L-myc genotypes have been correlated with prognosis in different human tumors. Its role in colorectal carcinoma (CRC) is still unclear. This study aimed to assess the L-myc genotypes in 99 Hong Kong Chinese CRC patients by PCR-RFLP techniques. The results obtained were correlated with clinical, histological and pathological parameters and genetic alterations. The observed frequency of L-myc genotypes (LL:LS:SS) was 27:46:26. The ratio of S to L alleles was 0.51:0.49. Distribution of L-myc genotypes and alleles in Hong Kong Chinese CRC was similar to that of healthy Chinese and CRC patients of other ethnic origins. The homozygous SS genotype was significantly associated with Dukes' stages C versus B. Other parameters including sex, differentiation status and survival, and genetic alterations such as p53 and Ki-ras mutations and Dcc LOH had no significant association with L-myc SS genotype.

Ki-ras codon 12 point mutational activation in Hong Kong colorectal carcinoma patients.

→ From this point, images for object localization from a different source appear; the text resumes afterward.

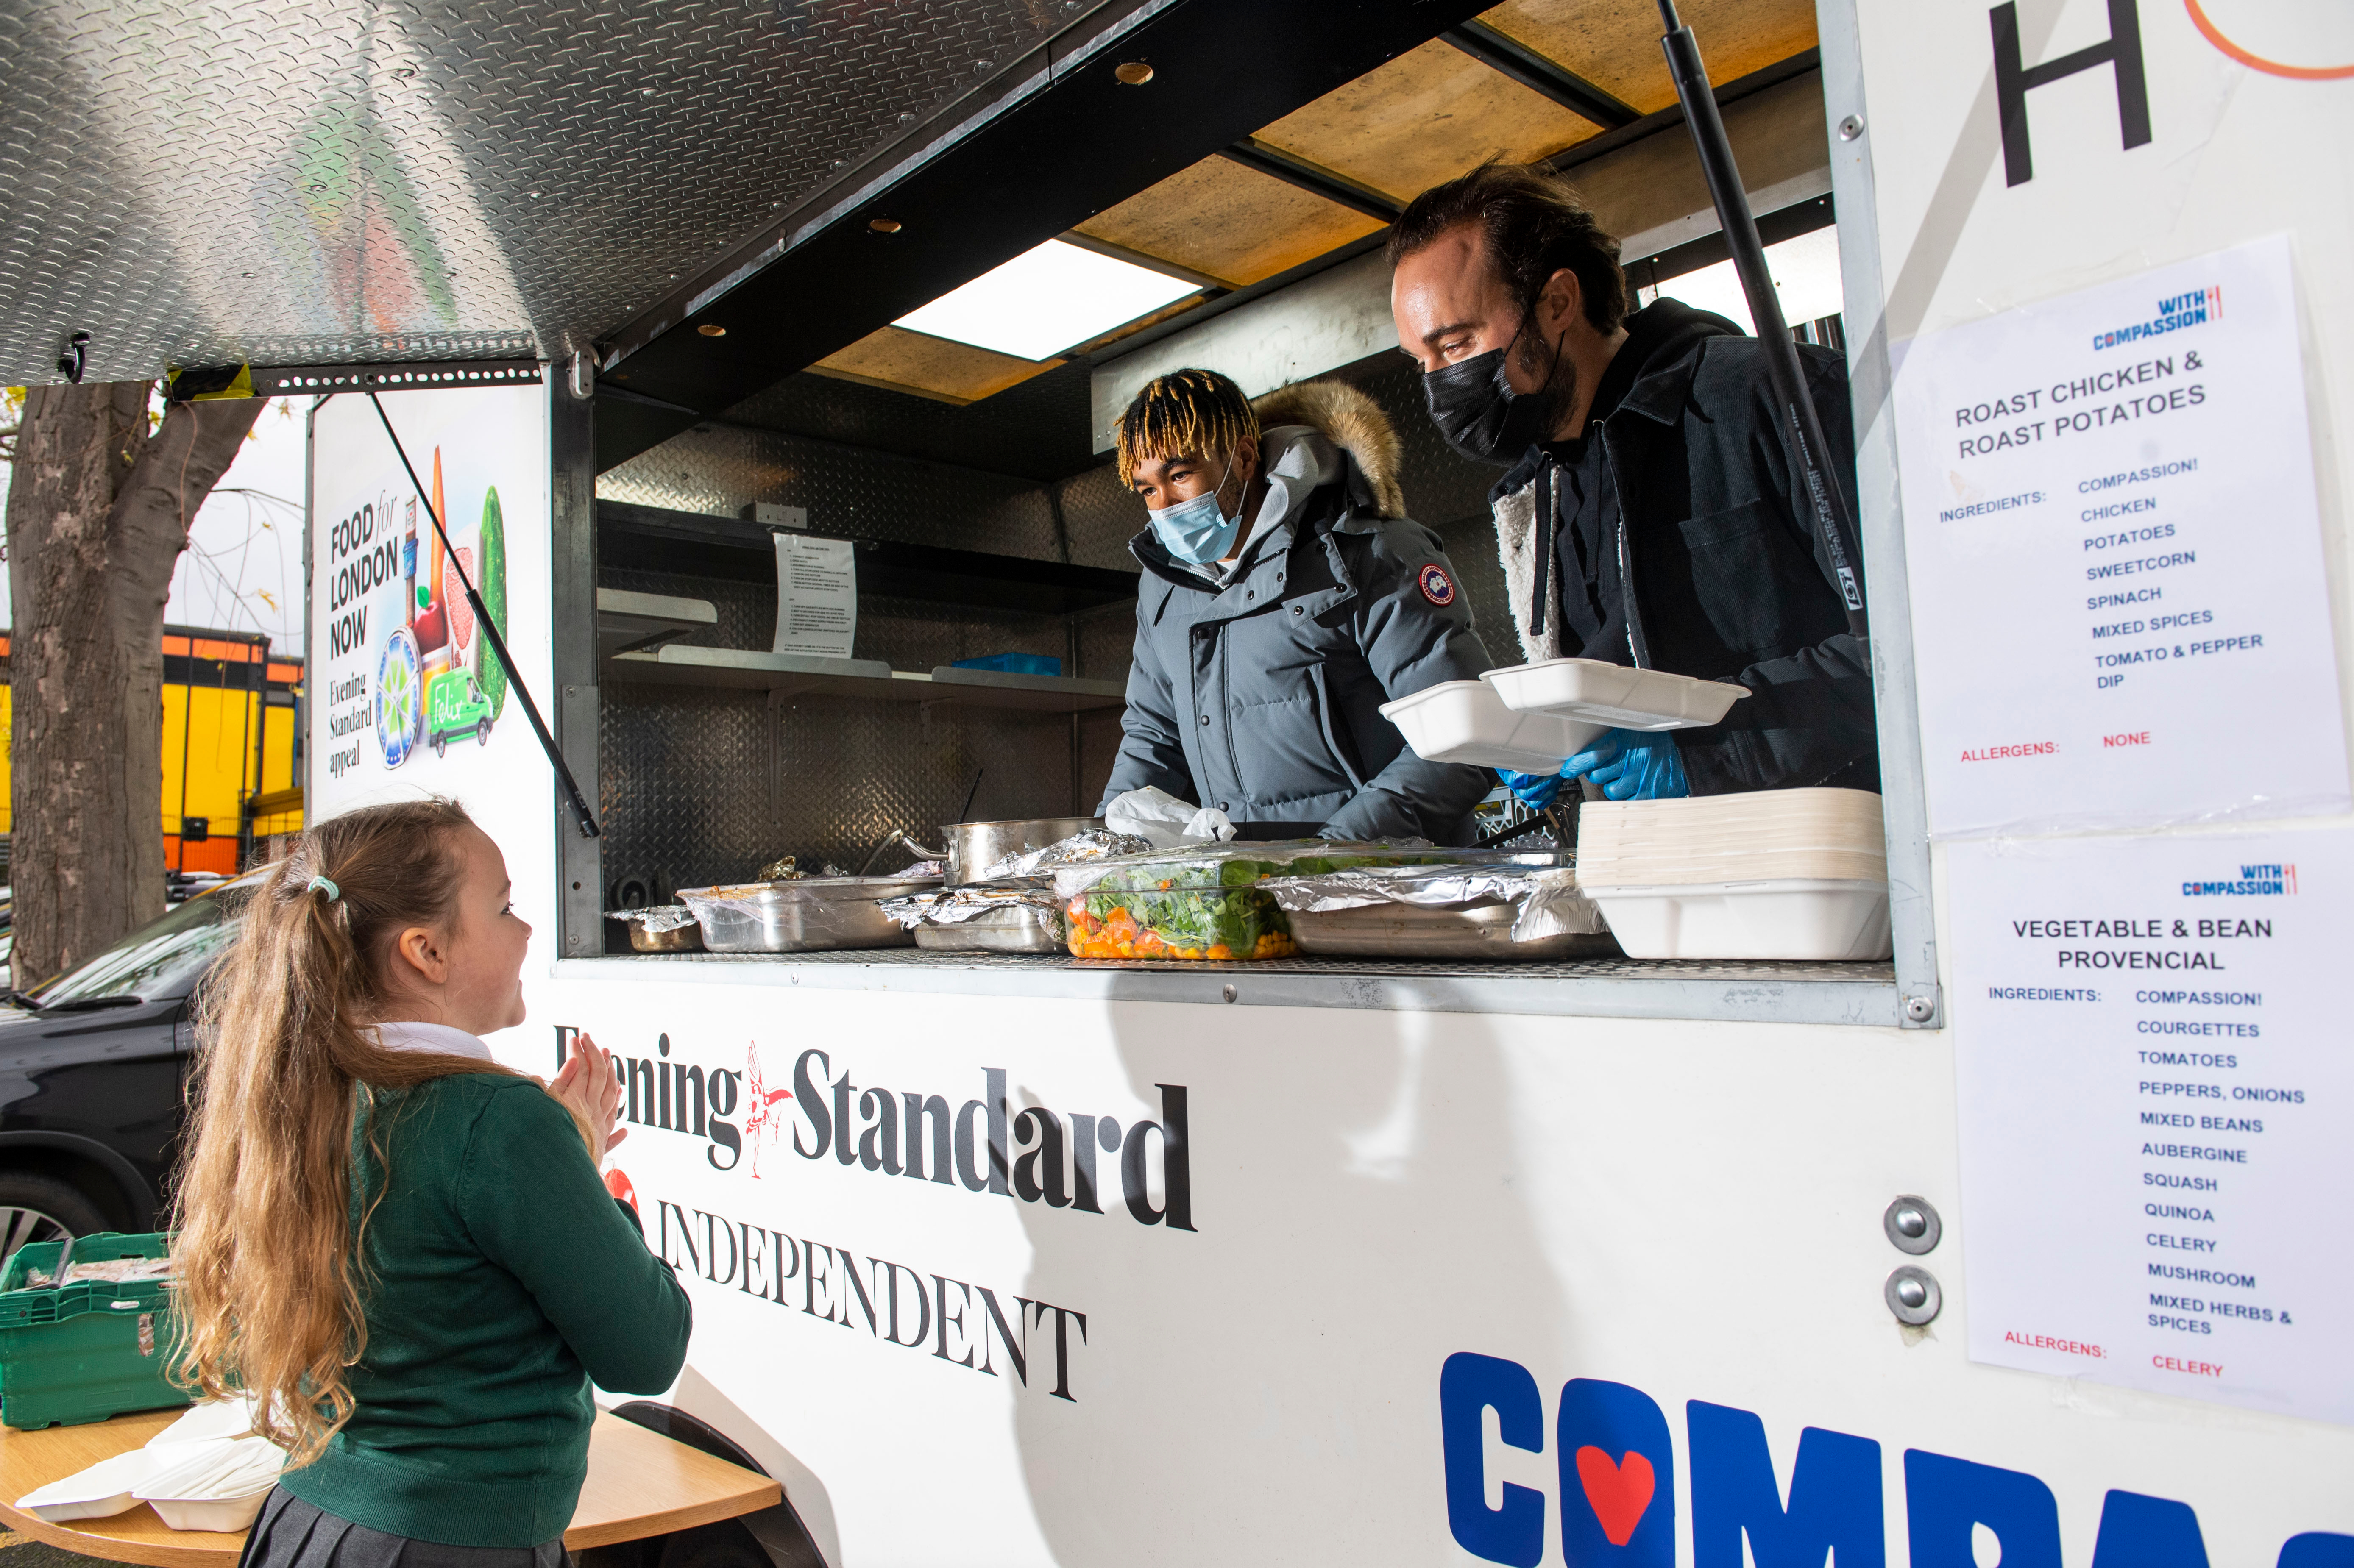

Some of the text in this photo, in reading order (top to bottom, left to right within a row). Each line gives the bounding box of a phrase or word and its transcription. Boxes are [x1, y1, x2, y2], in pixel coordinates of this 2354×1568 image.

[2159, 290, 2205, 315] WITH
[2094, 307, 2207, 350] COMPASSION
[1956, 350, 2203, 428] ROAST CHICKEN &
[1959, 384, 2206, 459] ROAST POTATOES
[1939, 458, 2198, 523] INGREDIENTS: COMPASSION!
[2081, 497, 2156, 522] CHICKEN
[332, 490, 397, 564] FOOD for
[2084, 523, 2176, 551] POTATOES
[332, 537, 398, 612] LONDON
[2087, 550, 2196, 580] SWEETCORN
[2087, 587, 2162, 610] SPINACH
[331, 606, 367, 660] NOW
[2092, 610, 2213, 639] MIXED SPICES
[2095, 634, 2263, 668] TOMATO & PEPPER
[331, 672, 366, 706] Evening
[2097, 674, 2124, 689] DIP
[435, 683, 462, 725] Felix
[330, 703, 371, 740] Standard
[330, 740, 359, 779] appeal
[1961, 731, 2151, 762] ALLERGENS: NONE
[2241, 865, 2282, 879] WITH
[2183, 881, 2283, 896] COMPASSION
[2013, 919, 2272, 938] VEGETABLE & BEAN
[2059, 951, 2225, 970] PROVENCIAL
[1989, 987, 2262, 1005] INGREDIENTS: COMPASSION!
[2137, 1020, 2260, 1037] COURGETTES
[2138, 1051, 2237, 1068] TOMATOES
[2139, 1081, 2305, 1104] PEPPERS, ONIONS
[2140, 1112, 2264, 1133] MIXED BEANS
[792, 1048, 1198, 1232] Standard
[2142, 1143, 2246, 1163] AUBERGINE
[2143, 1173, 2217, 1192] SQUASH
[2145, 1203, 2215, 1222] QUINOA
[2146, 1233, 2217, 1253] CELERY
[2148, 1263, 2256, 1288] MUSHROOM
[657, 1200, 1087, 1403] INDEPENDENT
[2150, 1293, 2292, 1324] MIXED HERBS &
[2148, 1314, 2212, 1334] SPICES
[2005, 1331, 2223, 1377] ALLERGENS: CELERY
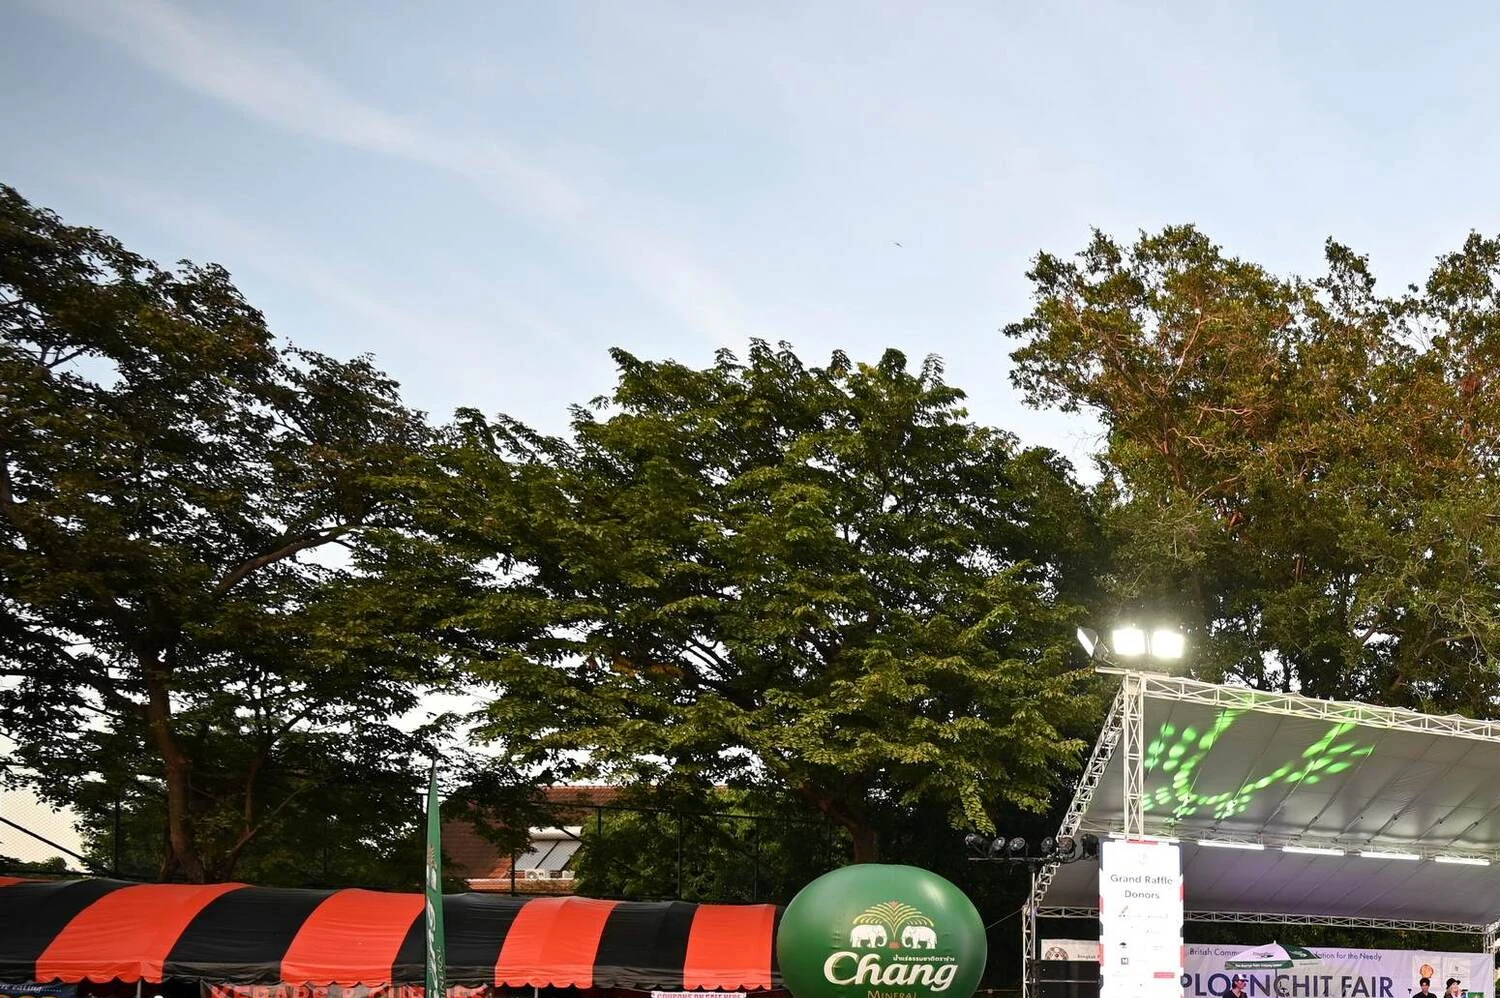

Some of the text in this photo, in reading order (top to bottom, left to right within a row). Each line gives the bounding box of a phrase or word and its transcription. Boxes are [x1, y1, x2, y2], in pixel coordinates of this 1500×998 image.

[1110, 874, 1173, 885] Grand Raffle
[1124, 889, 1160, 899] Donors
[1189, 948, 1212, 956] British
[1348, 952, 1359, 960] the
[1360, 953, 1382, 961] Needy
[823, 951, 959, 992] Chang
[1180, 973, 1394, 998] PLONCHIT FAIR

This study investigated the frequency and importance of Ki-ras codon 12 mutations in 99 Hong Kong Chinese colorectal carcinoma specimens by allele-specific oligonucleotide hybridization. The frequency of mutations detected was 30% and the most common mutation observed resulted in aspartic acid substitutions. Previous studies showed that specific Ki-ras mutations have been significantly associated with prognosis. Ki-ras codon 12 point mutational activation in CRC was significantly associated with the differentiation status of tumors in this study. Ethnic differences in the patterns of Ki-ras codon 12 point mutations were observed.